What you should do ▸
Quote the entries word for word. Omit the pictures.

Exercise data ▸
▬▬▬▬▬▬

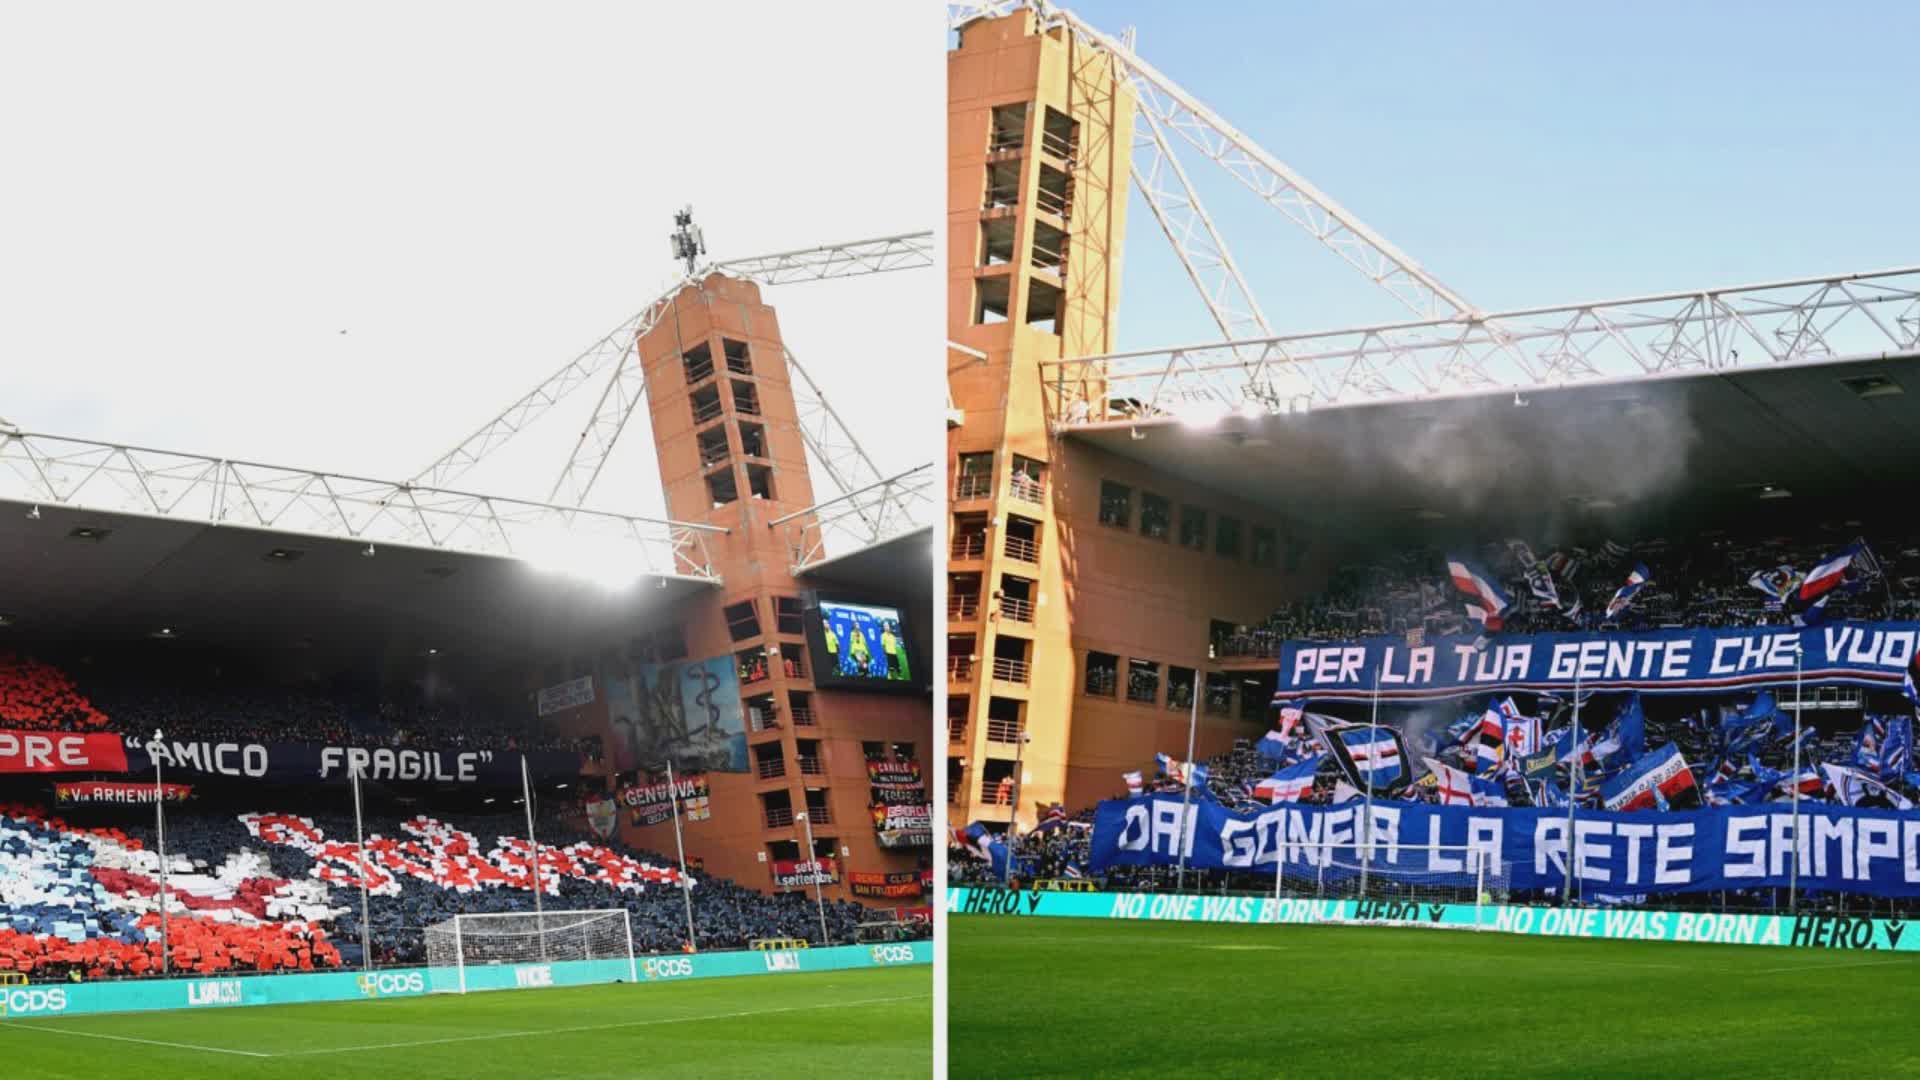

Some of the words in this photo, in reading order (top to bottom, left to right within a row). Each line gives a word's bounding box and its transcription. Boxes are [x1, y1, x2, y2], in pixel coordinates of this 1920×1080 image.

[1291, 647, 1366, 685] PER
[1380, 647, 1435, 684] LA
[1454, 644, 1532, 682] TUA
[1548, 640, 1693, 679] GENTE
[1709, 633, 1800, 675] CHE
[1824, 627, 1920, 668] VUO
[93, 787, 163, 803] ARMENIA
[1118, 800, 1199, 858] DAI
[1219, 803, 1401, 868] GONFIA
[1428, 814, 1504, 875] LA
[1533, 817, 1696, 885] RETE
[1110, 893, 1147, 918] NO
[1150, 894, 1200, 920] ONE
[1200, 896, 1255, 922] WAS
[1258, 898, 1324, 923] BORN
[1495, 906, 1533, 934] NO
[1540, 908, 1599, 937] ONE
[1604, 910, 1669, 940] WAS
[1674, 912, 1759, 944] BORN
[1759, 915, 1781, 945] A
[885, 945, 914, 961] CDS
[658, 958, 693, 977] CDS
[379, 972, 425, 994] CDS
[9, 988, 67, 1011] CDS
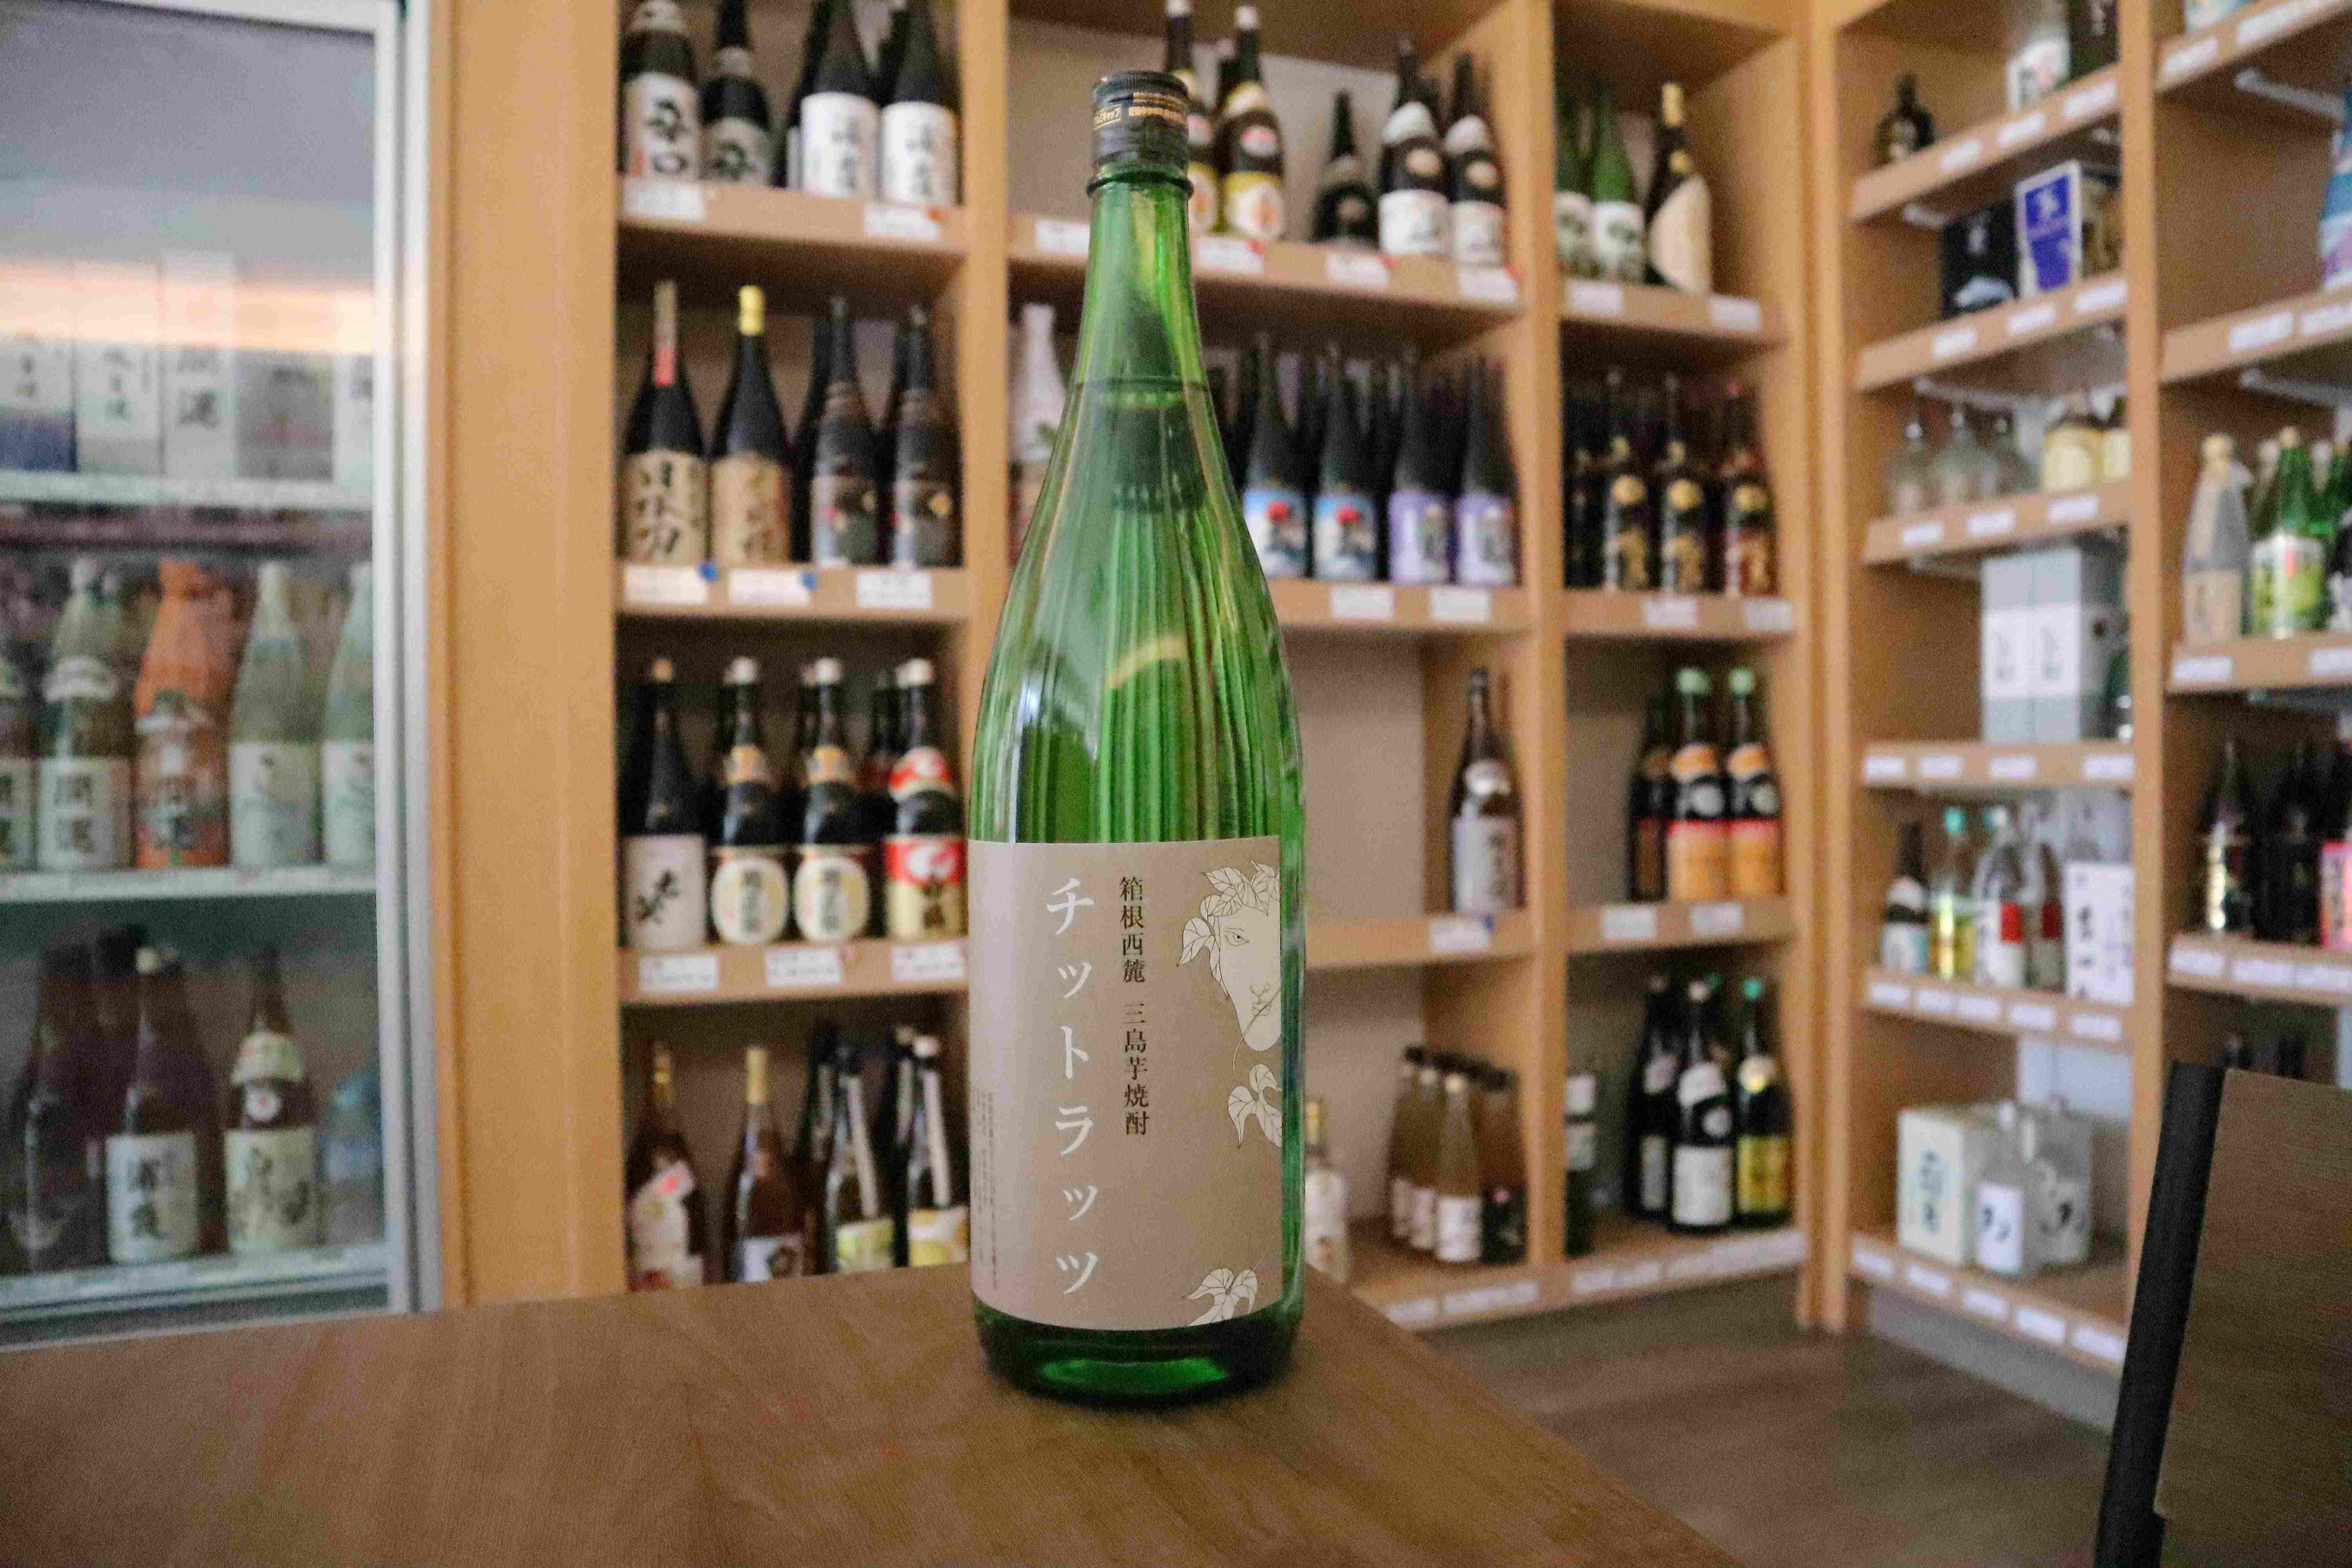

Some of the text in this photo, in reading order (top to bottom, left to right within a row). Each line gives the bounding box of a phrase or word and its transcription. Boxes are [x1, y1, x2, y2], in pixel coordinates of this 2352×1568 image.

[1047, 878, 1098, 1295] チットラッツ
[1119, 876, 1149, 1135] 箱根西麓 三島芋焼酎
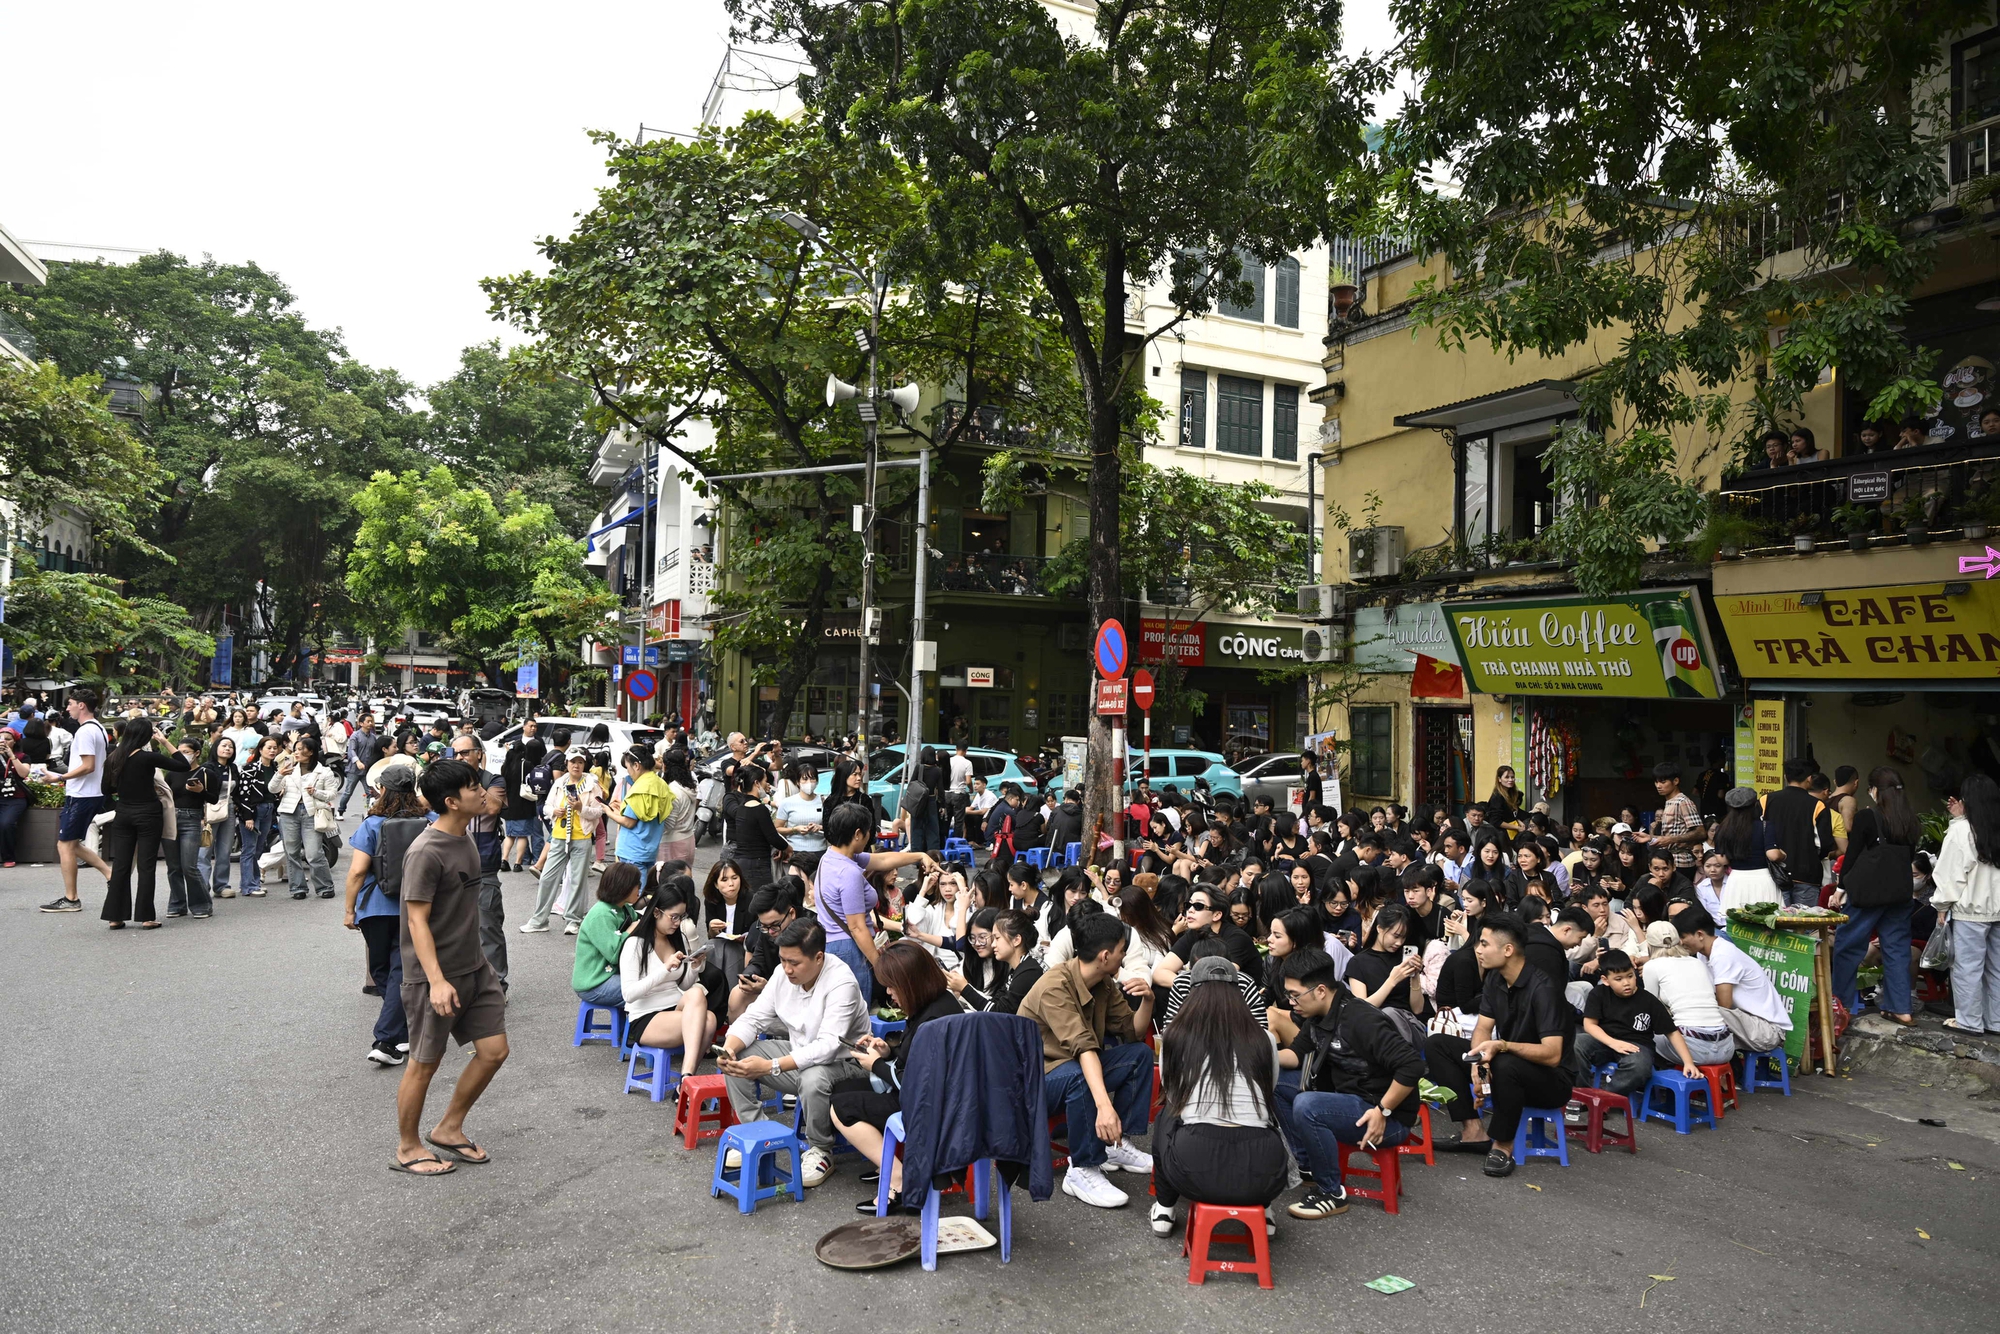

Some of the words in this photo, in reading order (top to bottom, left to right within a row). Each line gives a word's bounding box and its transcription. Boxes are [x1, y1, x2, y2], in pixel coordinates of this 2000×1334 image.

▬▬▬▬▬▬

Answer for this exercise ▸
Some of the words in this photo, in reading order (top to bottom, left to right within a row). Each line gives a word's bounding box and its transcription. Boxes are [x1, y1, x2, y2], in pixel coordinates of this 1920×1080 image.

[1291, 647, 1366, 685] PER
[1380, 647, 1435, 684] LA
[1454, 644, 1532, 682] TUA
[1548, 640, 1693, 679] GENTE
[1709, 633, 1800, 675] CHE
[1824, 627, 1920, 668] VUO
[93, 787, 163, 803] ARMENIA
[1118, 800, 1199, 858] DAI
[1219, 803, 1401, 868] GONFIA
[1428, 814, 1504, 875] LA
[1533, 817, 1696, 885] RETE
[1110, 893, 1147, 918] NO
[1150, 894, 1200, 920] ONE
[1200, 896, 1255, 922] WAS
[1258, 898, 1324, 923] BORN
[1495, 906, 1533, 934] NO
[1540, 908, 1599, 937] ONE
[1604, 910, 1669, 940] WAS
[1674, 912, 1759, 944] BORN
[1759, 915, 1781, 945] A
[885, 945, 914, 961] CDS
[658, 958, 693, 977] CDS
[379, 972, 425, 994] CDS
[9, 988, 67, 1011] CDS

Some of the text in this photo, in reading order (top to bottom, left to right within a row). Each line gives the bounding box of a phrase or word and its transcription. Boxes are [x1, y1, x2, y2], in pixel coordinates of this 2352×1568 image.

[1047, 878, 1098, 1295] チットラッツ
[1119, 876, 1149, 1135] 箱根西麓 三島芋焼酎

Some of the words in this photo, in reading order (top to bottom, left to right within a row). Each line gives a word's bounding box and its transcription. Boxes are [x1, y1, x2, y2], in pixel coordinates of this 2000×1334 image.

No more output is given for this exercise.